Primeiro, porque a presidenta Dilma Rousseff, embora faça um bom trabalho e dê continuidade aos avanços sociais do governo Lula, não possui o carisma que a projete para além das fileiras esquerdistas. Isso pode ser desvantajoso, mas não é.

Afinal, Dilma não tem as pressões da visibilidade do antecessor, podendo governar discretamente, sem muito alarde. Além disso, tal condição não motiva que parte dos setores conservadores da sociedade se disfarce de "progressista" para obter vantagens, ainda que sejam os aplausos de amigos. Até porque, na verdade, a pose pseudo-esquerdista era feita mais para agradar aqueles que gostavam do ex-presidente Lula.

Por isso, quem defende valores retrógrados passou a tirar a máscara. Isso se nota quando defensores da "curitibanização" dos ônibus xingam seus opositores de "socialistas fracassados". Ou quando adeptos ferrenhos do "funk carioca" chamam seus opositores de "petistas preconceituosos".

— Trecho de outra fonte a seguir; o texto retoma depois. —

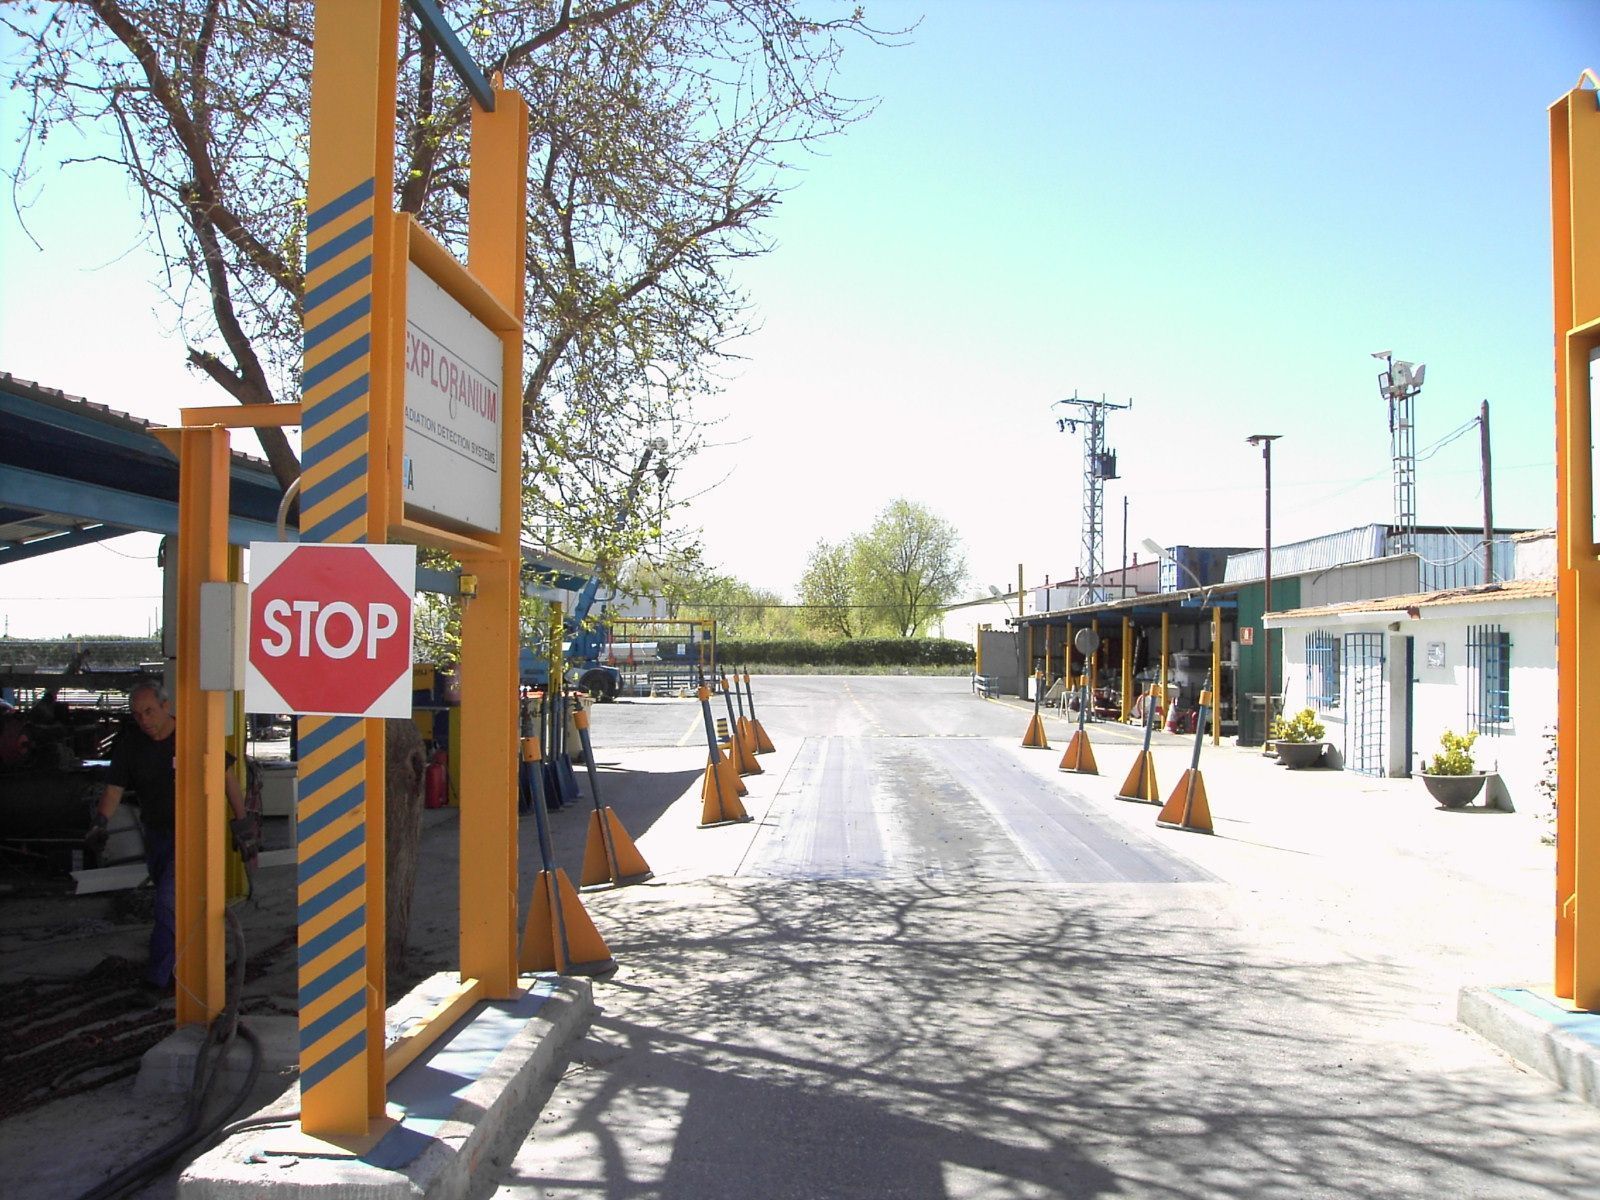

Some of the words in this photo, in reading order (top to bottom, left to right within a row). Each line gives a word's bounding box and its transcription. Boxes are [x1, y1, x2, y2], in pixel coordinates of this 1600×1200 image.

[437, 423, 470, 450] DETECTION
[471, 442, 496, 464] SYSTEMS
[261, 599, 399, 660] STOP
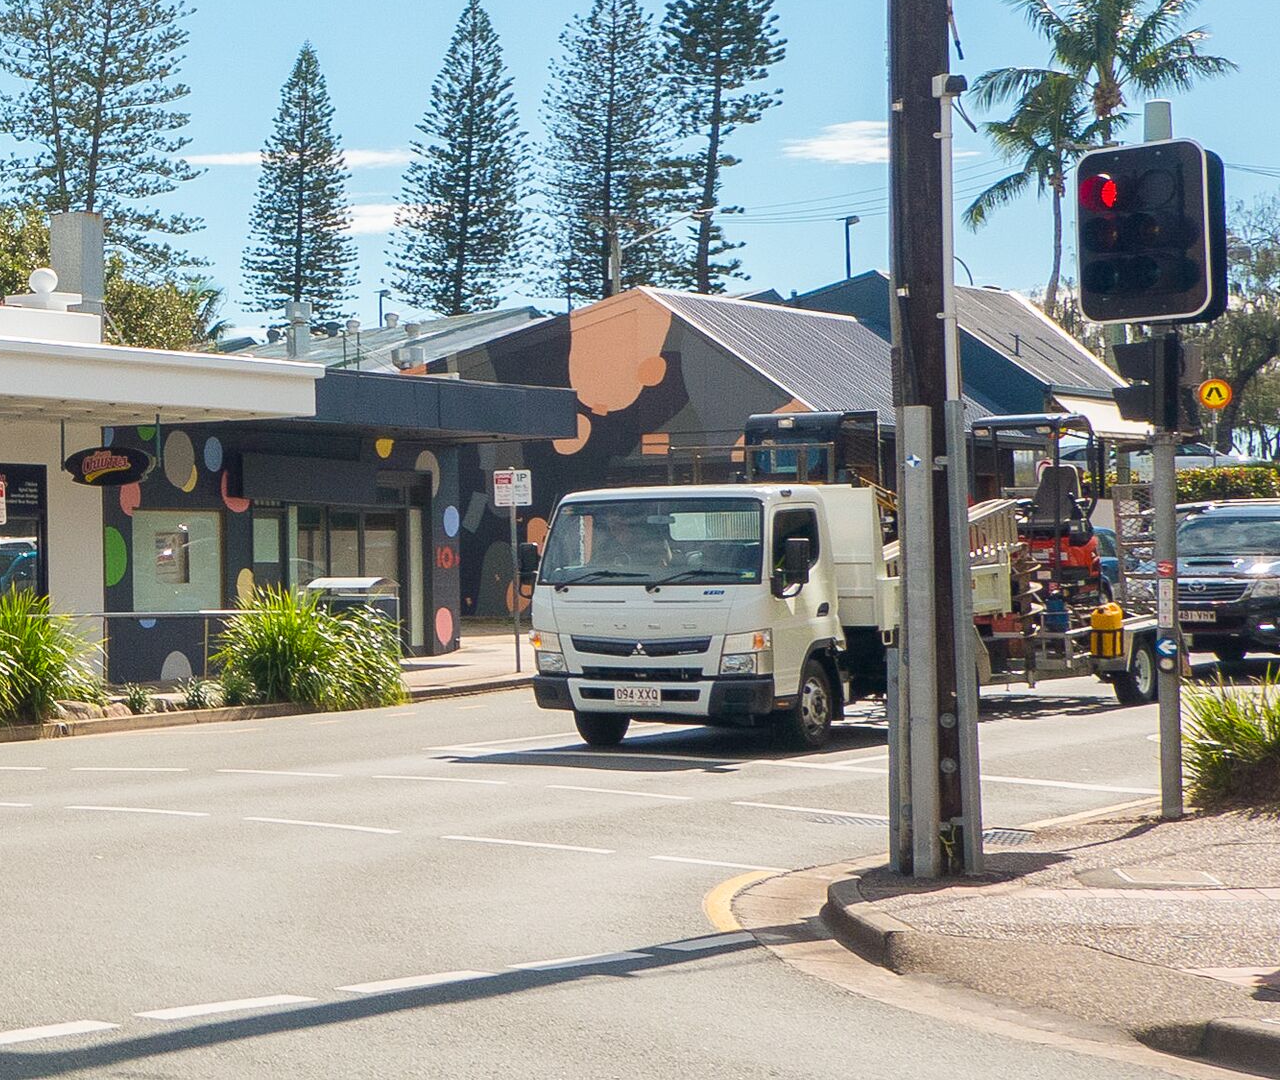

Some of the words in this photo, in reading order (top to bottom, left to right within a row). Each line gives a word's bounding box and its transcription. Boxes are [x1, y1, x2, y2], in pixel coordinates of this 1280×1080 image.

[516, 473, 527, 482] 1P
[616, 689, 634, 699] 094
[637, 689, 658, 700] XXQ

A direita começa a se manifestar no entretenimento, nas coisas mais simples do cotidiano, e isso significa que a blogosfera progressista tenha que mudar de atitude contestando não somente as manobras de âmbito político e midiático (jornalístico) da direita. Que Solange Gomes, por exemplo, joga tanto pelos valores direitistas quanto Eliane Cantanhede.

Aos poucos, essa atitude da blogosfera está mudando. Críticas ao Big Brother Brasil se tornaram comuns. A prisão de funqueiros não fez estes receberem a solidariedade de blogues progressistas, mas a reprovação. Ivete Sangalo, a cantora do morde-e-assopra (participou de campanhas pelo "Fora Lula" para depois dizer que apoia Dilma), foi criticada pelo blog Angry Brazilian, um dos mais arrojados da blogosfera esquerdista.

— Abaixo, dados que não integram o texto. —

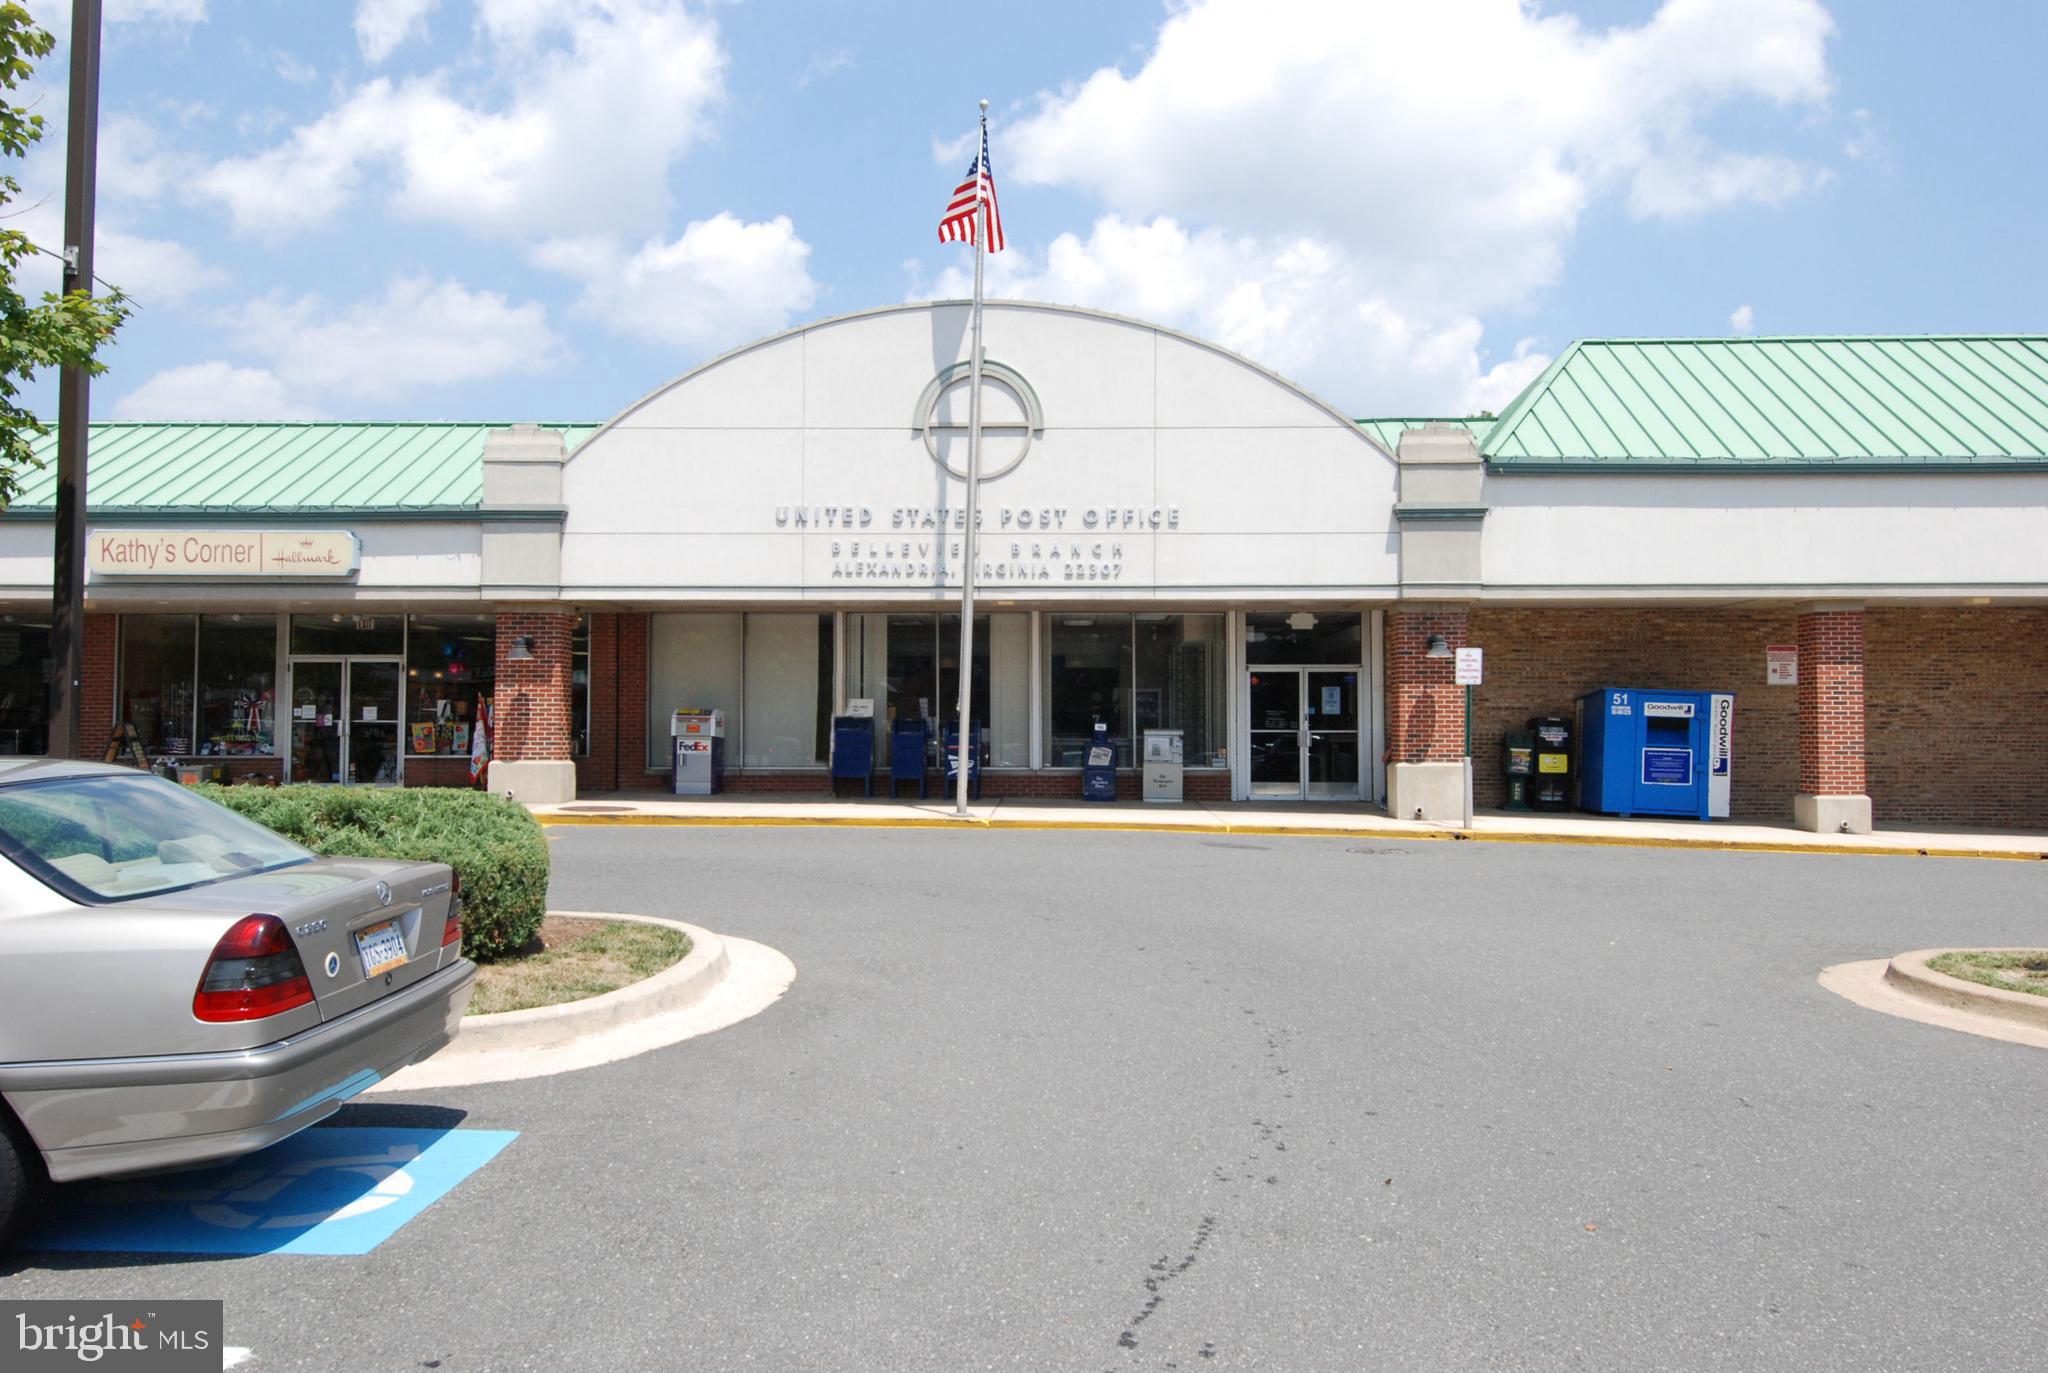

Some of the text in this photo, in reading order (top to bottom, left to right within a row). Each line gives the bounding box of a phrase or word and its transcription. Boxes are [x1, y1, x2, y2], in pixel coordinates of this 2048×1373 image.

[776, 506, 1179, 529] UNITED STATES POST OFFICE
[101, 537, 341, 570] Kathy's Corner Hallmark
[832, 542, 1122, 559] BELLEVIE BRANCH
[962, 564, 1049, 579] IRGINIA
[1613, 693, 1628, 705] 51
[1719, 699, 1730, 757] Goodwill
[680, 741, 708, 752] FedEx

Fatores evidentes, como o apoio explícito das oligarquias latifundiárias para tendências musicais bregas e neo-bregas do interior do país (brega "de raiz", breganejo, forró-brega e tecnobrega), virão à tona ao debate público. Como também a influência dos setores do latifúndio também em outras tendências brega-popularescas, como o "funk carioca", o sambrega e a axé-music.

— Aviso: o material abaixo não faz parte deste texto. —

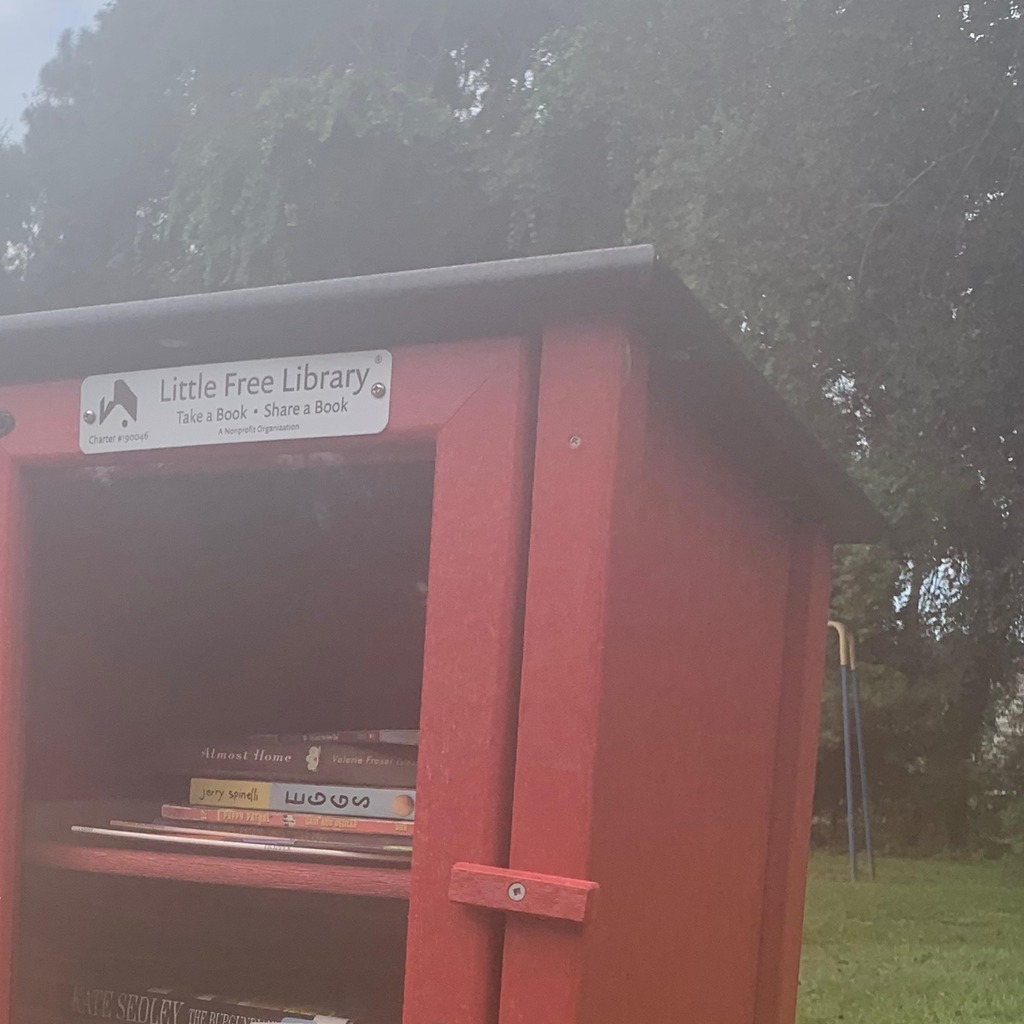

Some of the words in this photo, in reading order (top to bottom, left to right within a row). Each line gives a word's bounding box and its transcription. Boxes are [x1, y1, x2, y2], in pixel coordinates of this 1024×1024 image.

[160, 373, 216, 402] Little
[225, 371, 274, 397] Free
[282, 364, 370, 396] Library
[176, 409, 203, 425] Take
[206, 412, 213, 422] a
[217, 405, 247, 422] Book
[264, 401, 300, 418] Share
[303, 405, 310, 415] a
[315, 397, 348, 413] Book
[218, 428, 223, 436] A
[225, 425, 256, 436] Nonprofit
[257, 423, 300, 434] Organization
[88, 434, 116, 445] Charter
[200, 746, 249, 763] Almost
[253, 748, 292, 763] Home
[332, 755, 363, 765] Valerie
[200, 788, 225, 802] jerry
[228, 788, 259, 802] spinelli
[284, 790, 370, 809] EGGS
[72, 985, 113, 1019] KATE

Isso porque esse entretenimento, além de ter valor artístico e cultural duvidosos, cuja alta rejeição não pode ser vista como "preconceito" - se muita gente reprova, sobretudo porque conhece esses ídolos e tendências pela TV, pelo rádio, pela vizinhança e pelo passeio nas ruas, é porque tudo isso não vale - , influi na domesticação social do povo pobre, no controle e manipulação das classes pobres pelos barões da grande mídia.

Por isso, diante da tendência mundial das manifestações sociais, como no Egito e na Tunísia, a mídia conservadora e o entretenimento brega-popularesco deixaram o quase desquite, e seus ídolos agora têm que reassumir, definitivamente, o respaldo da grande mídia, até para tentar reviver seu sucesso estrondoso durante a Era Collor e a Era FHC.

Desse modo, a nova direita se articula pelo entretenimento e pelos detalhes mais "ínfimos" do cotidiano, como o transporte coletivo. A nova direita sai das redações e dos palanques para reagir contra os movimentos sociais. Por isso cabe àqueles que defendem os movimentos sociais a ficarem de alerta.

A direita também dança o tecnobrega, o "créu" e o "tchibirabirom".

Um comentário:

  1. Só houve uma troca de posições, Alexandre. As moscas mudaram de lugar, mas a merda continua a mesma. No rebime militar, a direita tinha o Governo e a esquerda tinha o mainstream cultural. Até Chico Buarque (aquele que disse que reprova ditaduras de direita mas aprova as de esquerda) tinha espaços generosos na mídia governista da época, Globo à frente. Hoje é a esquerda que está no Governo. Dilma Rousseff tem postura de autêntica esquerdista, com todos os méritos e deméritos (entre os deméritos, os flertes com a direita fisiológica) desta posição. A mesma sinceridade de Lula, que assumiu jamais ter sido esquerdista. Alijada do poder institucional, a direita fica onde sempre esteve: o comando da grande mídia, noves fora as exceções de sempre: Record-IURD, Carta Capital, etc, e tomou o poder no mainstream cultural, com essas figuras grotescas da Música de Cabresto Brasileira. Enquanto isso, Chico Buarque tem que se virar nos 30: vendendo livros no insipiente mercado editorial nacional e vendendo seus antigos CDs a preços promocionais com distribuição da (ironia das ironias) Editora Abril.